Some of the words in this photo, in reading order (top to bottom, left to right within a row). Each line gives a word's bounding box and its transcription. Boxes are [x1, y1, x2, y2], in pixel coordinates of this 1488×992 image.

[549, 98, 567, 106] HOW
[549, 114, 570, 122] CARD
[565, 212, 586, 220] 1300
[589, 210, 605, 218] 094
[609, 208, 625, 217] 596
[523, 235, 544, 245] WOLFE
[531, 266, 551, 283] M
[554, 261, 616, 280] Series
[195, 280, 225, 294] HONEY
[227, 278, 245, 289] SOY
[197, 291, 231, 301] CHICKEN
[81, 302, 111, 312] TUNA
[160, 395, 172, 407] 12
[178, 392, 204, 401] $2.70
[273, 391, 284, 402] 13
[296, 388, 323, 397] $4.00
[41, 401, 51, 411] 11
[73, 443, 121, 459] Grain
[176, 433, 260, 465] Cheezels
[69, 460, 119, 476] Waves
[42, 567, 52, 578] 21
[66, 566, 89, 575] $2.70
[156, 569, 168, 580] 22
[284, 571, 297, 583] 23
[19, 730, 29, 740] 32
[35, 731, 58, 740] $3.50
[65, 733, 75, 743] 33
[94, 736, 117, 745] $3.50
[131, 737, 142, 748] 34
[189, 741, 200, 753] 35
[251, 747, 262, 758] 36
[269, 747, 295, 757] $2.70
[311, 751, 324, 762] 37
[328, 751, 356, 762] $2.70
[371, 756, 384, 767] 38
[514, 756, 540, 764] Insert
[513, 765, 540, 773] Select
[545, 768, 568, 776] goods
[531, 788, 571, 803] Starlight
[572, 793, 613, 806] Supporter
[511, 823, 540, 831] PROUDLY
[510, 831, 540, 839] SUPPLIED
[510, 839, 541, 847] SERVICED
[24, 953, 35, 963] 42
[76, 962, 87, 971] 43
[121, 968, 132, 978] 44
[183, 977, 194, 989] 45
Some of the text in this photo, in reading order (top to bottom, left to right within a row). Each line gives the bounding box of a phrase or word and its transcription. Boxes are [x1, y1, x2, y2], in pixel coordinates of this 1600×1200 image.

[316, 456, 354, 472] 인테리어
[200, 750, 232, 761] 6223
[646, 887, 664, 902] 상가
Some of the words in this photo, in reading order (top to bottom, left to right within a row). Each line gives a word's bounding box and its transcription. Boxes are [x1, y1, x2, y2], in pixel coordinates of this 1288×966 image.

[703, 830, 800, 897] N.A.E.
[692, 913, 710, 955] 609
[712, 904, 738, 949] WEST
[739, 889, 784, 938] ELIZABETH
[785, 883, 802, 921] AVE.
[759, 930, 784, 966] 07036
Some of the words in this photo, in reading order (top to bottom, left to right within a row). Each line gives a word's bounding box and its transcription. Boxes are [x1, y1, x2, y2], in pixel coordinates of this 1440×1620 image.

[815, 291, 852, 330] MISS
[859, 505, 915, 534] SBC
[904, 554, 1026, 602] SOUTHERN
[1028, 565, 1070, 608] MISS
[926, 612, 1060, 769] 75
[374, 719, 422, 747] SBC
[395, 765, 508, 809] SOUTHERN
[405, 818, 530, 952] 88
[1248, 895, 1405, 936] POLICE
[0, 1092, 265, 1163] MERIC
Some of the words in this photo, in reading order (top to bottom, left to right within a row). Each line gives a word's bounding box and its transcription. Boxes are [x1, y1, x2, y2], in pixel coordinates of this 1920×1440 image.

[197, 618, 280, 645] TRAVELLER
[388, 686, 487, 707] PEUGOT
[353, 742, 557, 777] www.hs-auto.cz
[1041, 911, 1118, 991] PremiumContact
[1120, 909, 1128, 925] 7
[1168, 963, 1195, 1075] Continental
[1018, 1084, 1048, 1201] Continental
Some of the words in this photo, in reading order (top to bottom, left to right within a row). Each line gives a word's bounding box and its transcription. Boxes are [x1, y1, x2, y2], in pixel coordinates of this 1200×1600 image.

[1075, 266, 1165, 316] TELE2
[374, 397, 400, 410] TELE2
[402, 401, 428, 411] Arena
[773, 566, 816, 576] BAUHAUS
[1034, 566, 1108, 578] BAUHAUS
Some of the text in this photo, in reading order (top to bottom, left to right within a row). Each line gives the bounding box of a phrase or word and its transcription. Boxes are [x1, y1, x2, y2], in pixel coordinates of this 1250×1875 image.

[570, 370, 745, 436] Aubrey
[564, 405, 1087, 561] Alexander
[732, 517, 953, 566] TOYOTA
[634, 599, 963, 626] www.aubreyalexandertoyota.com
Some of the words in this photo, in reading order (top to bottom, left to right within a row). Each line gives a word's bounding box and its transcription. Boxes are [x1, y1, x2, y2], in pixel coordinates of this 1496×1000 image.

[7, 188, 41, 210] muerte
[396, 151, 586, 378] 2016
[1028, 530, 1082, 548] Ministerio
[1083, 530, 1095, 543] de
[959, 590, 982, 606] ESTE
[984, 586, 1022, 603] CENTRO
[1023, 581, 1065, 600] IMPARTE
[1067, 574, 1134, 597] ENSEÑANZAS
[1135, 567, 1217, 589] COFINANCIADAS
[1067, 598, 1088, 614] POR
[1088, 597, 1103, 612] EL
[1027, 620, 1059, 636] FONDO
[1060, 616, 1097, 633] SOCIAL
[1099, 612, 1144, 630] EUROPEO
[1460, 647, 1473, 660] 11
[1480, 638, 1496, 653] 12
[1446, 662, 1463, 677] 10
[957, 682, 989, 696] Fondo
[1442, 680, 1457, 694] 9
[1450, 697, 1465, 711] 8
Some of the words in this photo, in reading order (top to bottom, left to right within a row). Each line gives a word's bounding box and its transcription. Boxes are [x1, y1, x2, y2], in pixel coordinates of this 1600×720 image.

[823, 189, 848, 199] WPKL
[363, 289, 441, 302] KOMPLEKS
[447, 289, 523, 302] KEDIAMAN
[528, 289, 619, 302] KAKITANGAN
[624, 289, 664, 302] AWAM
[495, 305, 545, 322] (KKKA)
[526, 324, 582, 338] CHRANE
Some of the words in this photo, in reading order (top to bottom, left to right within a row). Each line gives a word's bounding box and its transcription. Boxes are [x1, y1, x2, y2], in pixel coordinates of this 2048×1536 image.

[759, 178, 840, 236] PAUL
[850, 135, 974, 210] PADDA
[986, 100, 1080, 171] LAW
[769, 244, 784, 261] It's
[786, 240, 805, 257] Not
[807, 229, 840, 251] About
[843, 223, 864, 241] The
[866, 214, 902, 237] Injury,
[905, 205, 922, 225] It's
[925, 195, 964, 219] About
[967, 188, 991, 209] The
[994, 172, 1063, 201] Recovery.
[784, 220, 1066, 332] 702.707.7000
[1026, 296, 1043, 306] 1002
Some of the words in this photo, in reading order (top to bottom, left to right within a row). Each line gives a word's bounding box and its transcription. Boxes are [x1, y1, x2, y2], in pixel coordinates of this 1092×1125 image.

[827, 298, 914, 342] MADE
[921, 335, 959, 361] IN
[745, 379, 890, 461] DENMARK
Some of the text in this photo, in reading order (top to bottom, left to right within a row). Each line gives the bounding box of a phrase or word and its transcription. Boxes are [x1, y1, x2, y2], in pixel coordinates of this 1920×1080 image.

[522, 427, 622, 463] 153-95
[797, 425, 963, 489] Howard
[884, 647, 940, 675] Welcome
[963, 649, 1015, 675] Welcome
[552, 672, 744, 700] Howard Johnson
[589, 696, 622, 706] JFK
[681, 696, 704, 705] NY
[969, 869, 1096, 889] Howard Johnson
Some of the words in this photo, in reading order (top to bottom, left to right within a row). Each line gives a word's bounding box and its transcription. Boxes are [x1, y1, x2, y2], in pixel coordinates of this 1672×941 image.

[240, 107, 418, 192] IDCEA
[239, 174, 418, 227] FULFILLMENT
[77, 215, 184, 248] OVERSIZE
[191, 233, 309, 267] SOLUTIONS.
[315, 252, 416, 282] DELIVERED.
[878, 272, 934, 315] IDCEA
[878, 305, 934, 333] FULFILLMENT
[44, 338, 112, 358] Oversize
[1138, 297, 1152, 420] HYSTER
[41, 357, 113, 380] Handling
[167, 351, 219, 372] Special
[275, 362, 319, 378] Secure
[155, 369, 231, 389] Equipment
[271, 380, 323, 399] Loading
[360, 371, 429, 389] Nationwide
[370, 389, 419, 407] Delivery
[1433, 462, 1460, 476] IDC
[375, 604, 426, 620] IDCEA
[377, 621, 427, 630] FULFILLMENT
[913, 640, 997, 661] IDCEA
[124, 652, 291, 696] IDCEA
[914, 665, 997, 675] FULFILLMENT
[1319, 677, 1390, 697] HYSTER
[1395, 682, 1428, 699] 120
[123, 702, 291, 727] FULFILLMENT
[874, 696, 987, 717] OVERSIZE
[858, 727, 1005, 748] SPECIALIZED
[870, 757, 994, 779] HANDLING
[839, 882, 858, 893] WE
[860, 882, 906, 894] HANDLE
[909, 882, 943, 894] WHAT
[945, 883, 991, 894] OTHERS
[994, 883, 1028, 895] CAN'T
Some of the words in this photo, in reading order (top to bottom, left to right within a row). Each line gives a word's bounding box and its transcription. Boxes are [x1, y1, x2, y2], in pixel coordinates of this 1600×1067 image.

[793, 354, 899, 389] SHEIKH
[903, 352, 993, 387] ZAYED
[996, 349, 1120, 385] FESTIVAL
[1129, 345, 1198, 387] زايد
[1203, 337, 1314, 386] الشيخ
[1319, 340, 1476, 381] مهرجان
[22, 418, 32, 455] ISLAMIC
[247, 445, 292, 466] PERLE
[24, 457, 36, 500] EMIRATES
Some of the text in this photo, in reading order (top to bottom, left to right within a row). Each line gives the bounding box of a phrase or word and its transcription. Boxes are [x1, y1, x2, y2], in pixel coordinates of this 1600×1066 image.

=======

### What this task involves
Please copy the line holding "this 1600×1067 image." and all lines after it to the end of the records, exactly, and nothing else.

### Reply
Some of the words in this photo, in reading order (top to bottom, left to right within a row). Each line gives a word's bounding box and its transcription. Boxes are [x1, y1, x2, y2], in pixel coordinates of this 1600×1067 image.

[793, 354, 899, 389] SHEIKH
[903, 352, 993, 387] ZAYED
[996, 349, 1120, 385] FESTIVAL
[1129, 345, 1198, 387] زايد
[1203, 337, 1314, 386] الشيخ
[1319, 340, 1476, 381] مهرجان
[22, 418, 32, 455] ISLAMIC
[247, 445, 292, 466] PERLE
[24, 457, 36, 500] EMIRATES
Some of the text in this photo, in reading order (top to bottom, left to right within a row). Each line gives the bounding box of a phrase or word and its transcription. Boxes are [x1, y1, x2, y2], in pixel coordinates of this 1600×1066 image.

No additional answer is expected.